Chill gripped the back of Omilov’s skull. “Brandon?” he
said. “I am delighted to see you again, but why this haste?” Omilov thought of
the social commitments attendant on a royal Enkainion: by rights Brandon should
have been feted for weeks, by the foremost Families in the Panarchy.

“Am I not welcome?” Brandon threw one leg over the low rail
and sat. His face, thrown into relief against the red ball of the sun, bore the
marks of exhaustion. “We’ll go, if you don’t want to see me.”

As if to mock him, Omilov’s own thought returned:
Love
for the sound of rules, and too little of a savor for their sense...

“What happened?” he asked, keeping voice and posture
neutral. Then, voicing his last fading hope, “You must have left just after
your Enkainion?”

“Before.” Brandon leaned over and picked up the empty
snifter, pouring a measure into it from the decanter. “I stopped here to say
good-bye.”

Omilov shook his head, uneasy for the first time in ten
years.
Unless Semion’s coverts are already converging on us, in which case
nothing we do or say matters, this can wait. He’s here. There must be a reason.
Osri’s presence will prevent him from bringing it out.

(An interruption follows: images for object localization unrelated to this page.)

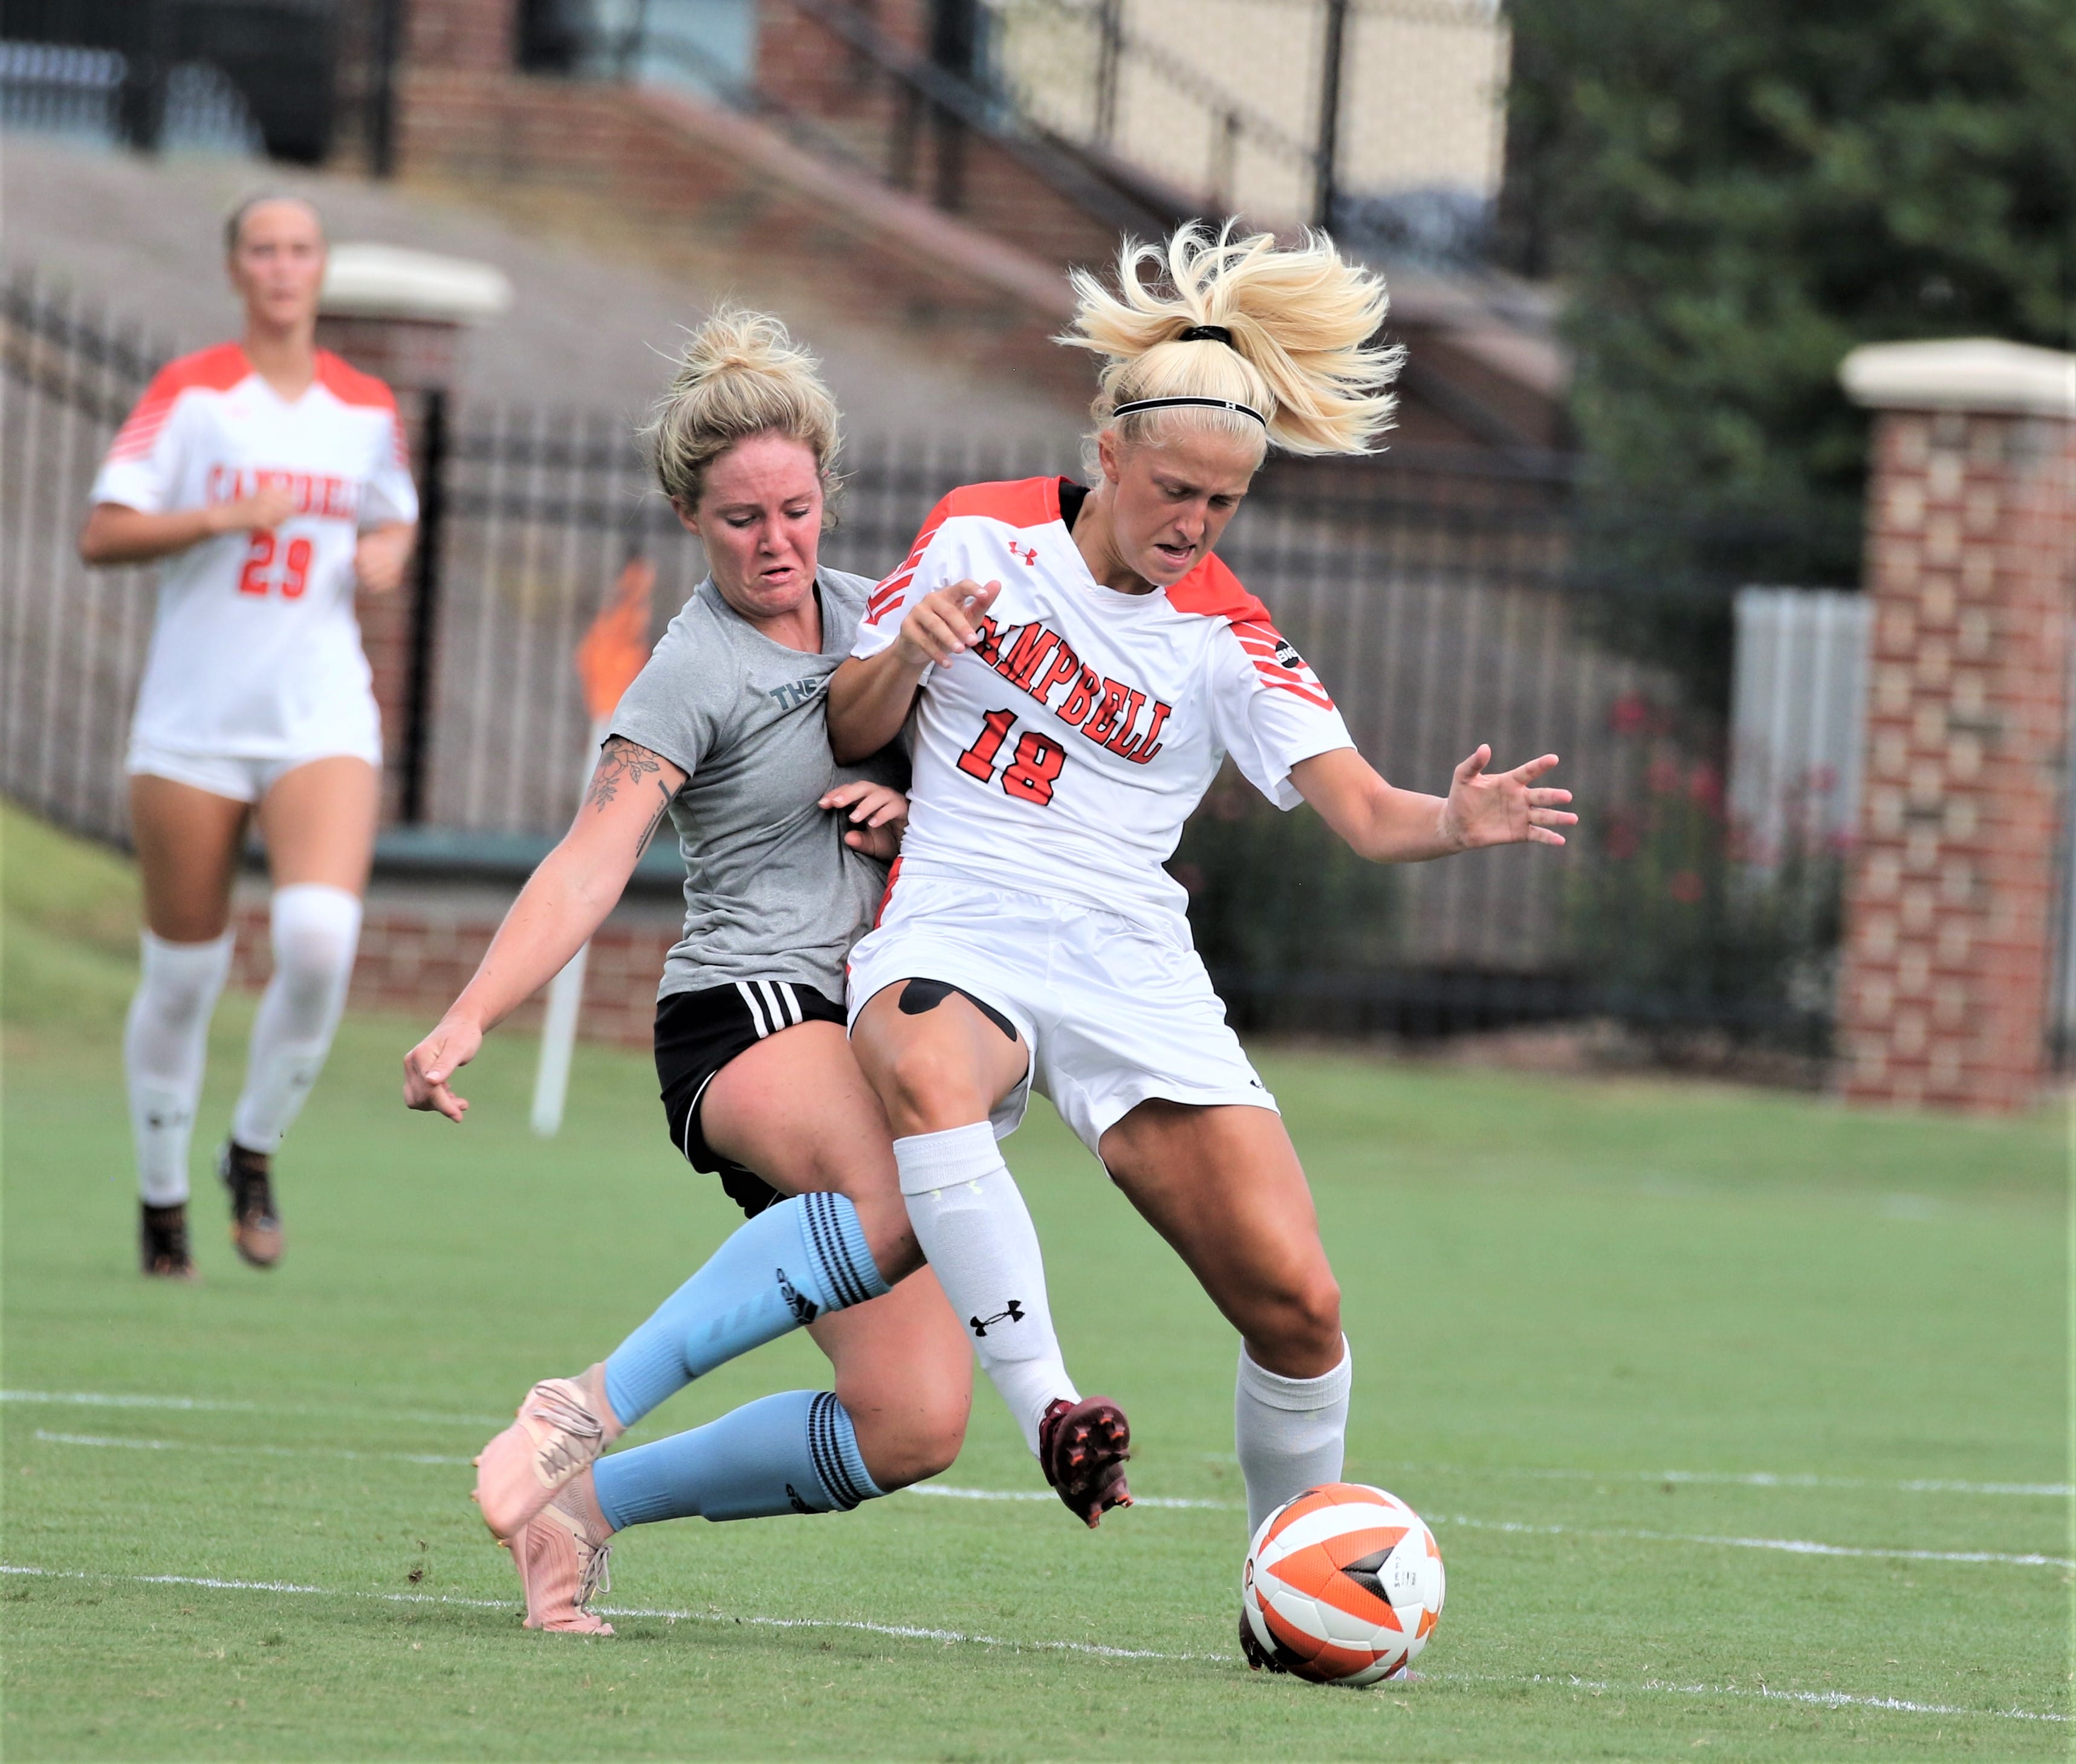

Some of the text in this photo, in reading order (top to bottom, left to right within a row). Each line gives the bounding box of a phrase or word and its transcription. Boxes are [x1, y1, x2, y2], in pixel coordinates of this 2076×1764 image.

[238, 527, 312, 598] 29
[769, 678, 817, 711] THE
[956, 708, 1068, 806] 18
[776, 1268, 815, 1325] adida
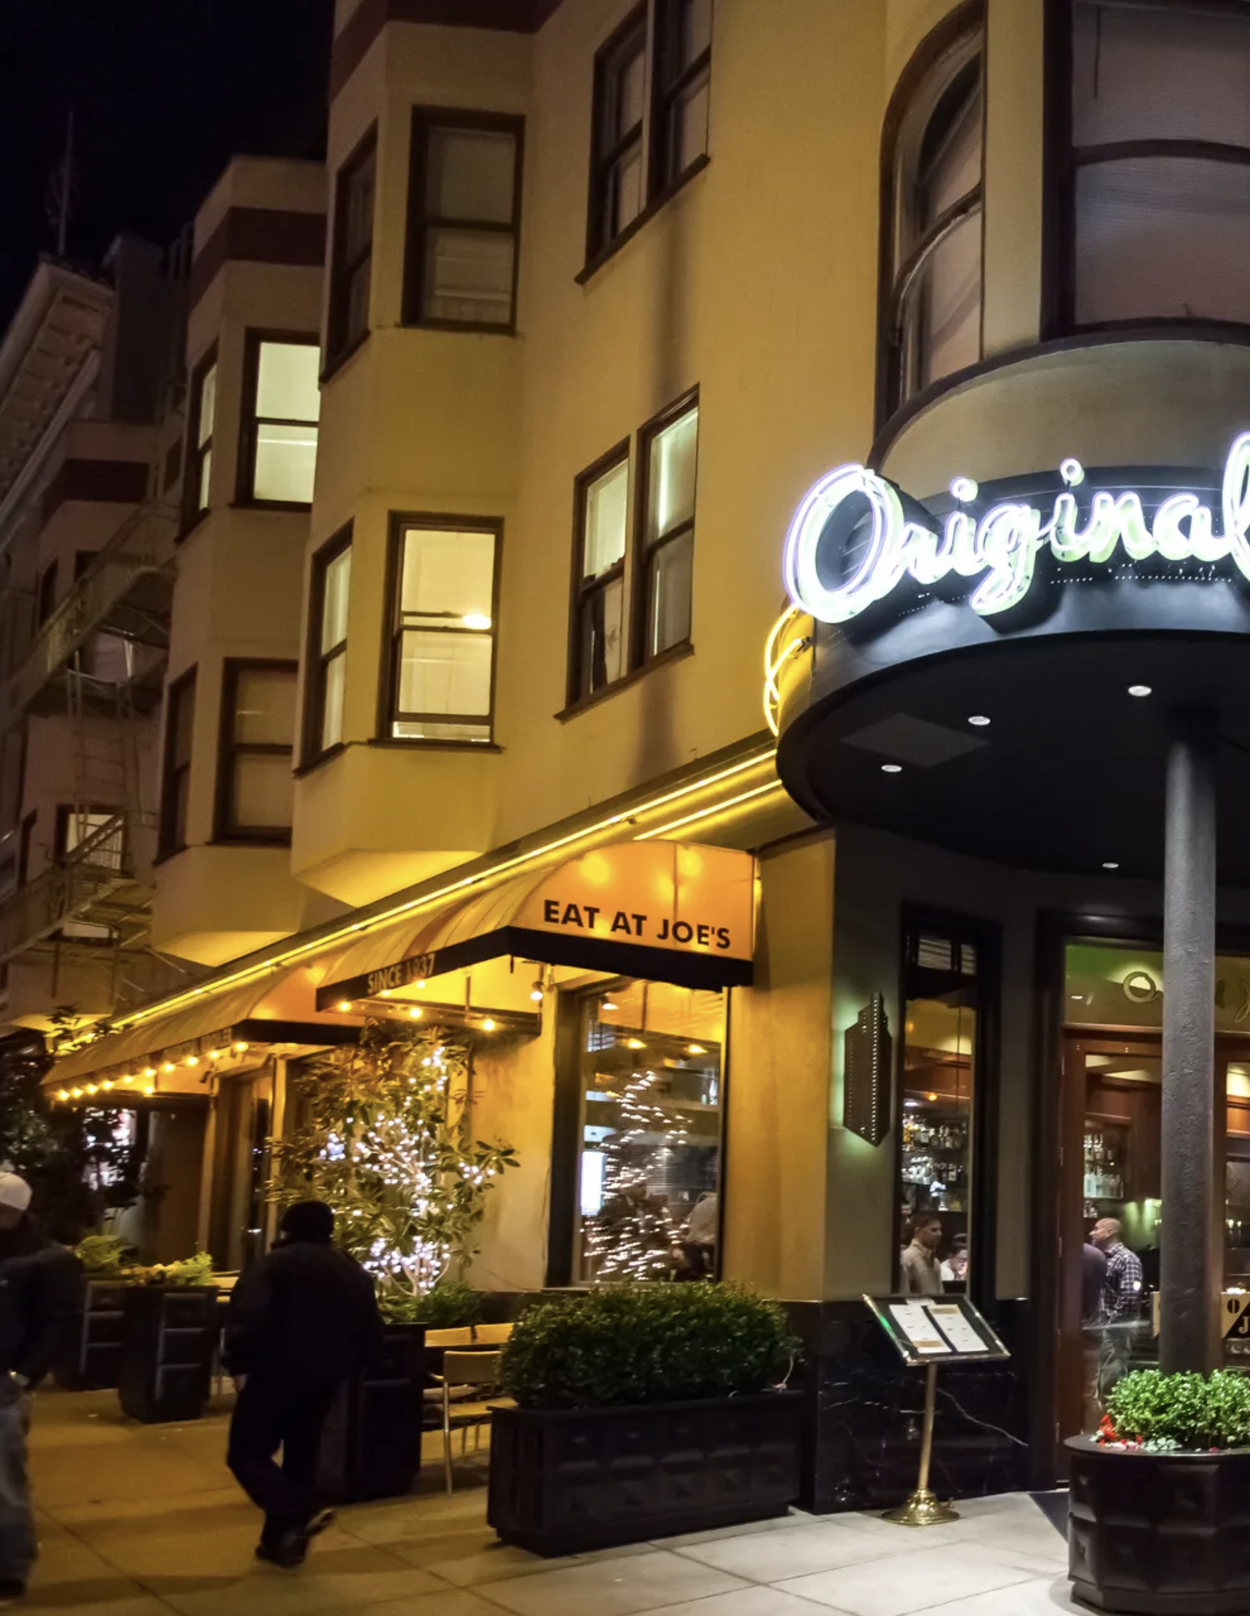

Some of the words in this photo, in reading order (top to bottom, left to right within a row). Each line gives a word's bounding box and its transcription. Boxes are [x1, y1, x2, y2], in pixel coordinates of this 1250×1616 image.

[543, 898, 601, 930] EAT
[610, 911, 648, 937] AT
[656, 917, 732, 950] JOE'S
[366, 963, 402, 995] SINCE

He shifted his attention to the man who had been waiting in
silent patience in the background all this time and recognized Lenic Deralze,
the bodyguard who had disappeared after Brandon’s disgrace.

Shaking his head, he said, “Take the luggage inside,
Deralze. Parraker will establish you in comfort.”
I will deal with this. It
was not for situations dictated by the rules, but for emergencies not covered
by the rules, that I made my vows—

The image of a face flickered through his mind, and his
thoughts split along two tracks, losing themselves in fragmented memory images
and impressions until recalled by Parraker, his steward, bustling toward them
with uncharacteristic haste. Parraker carried a blue and gold ParcelNet package
in his hands.

“Sir, this just arrived, marked ‘Urgent—Open At Once,’ but
the message chip scans blank.” He thrust it at Omilov with a jerky motion
unlike his usual measured movements. As Omilov took the box from Parraker’s
hands, the steward’s eyes moved past him to the newcomers, then widened
briefly. Wordlessly he performed a low obeisance.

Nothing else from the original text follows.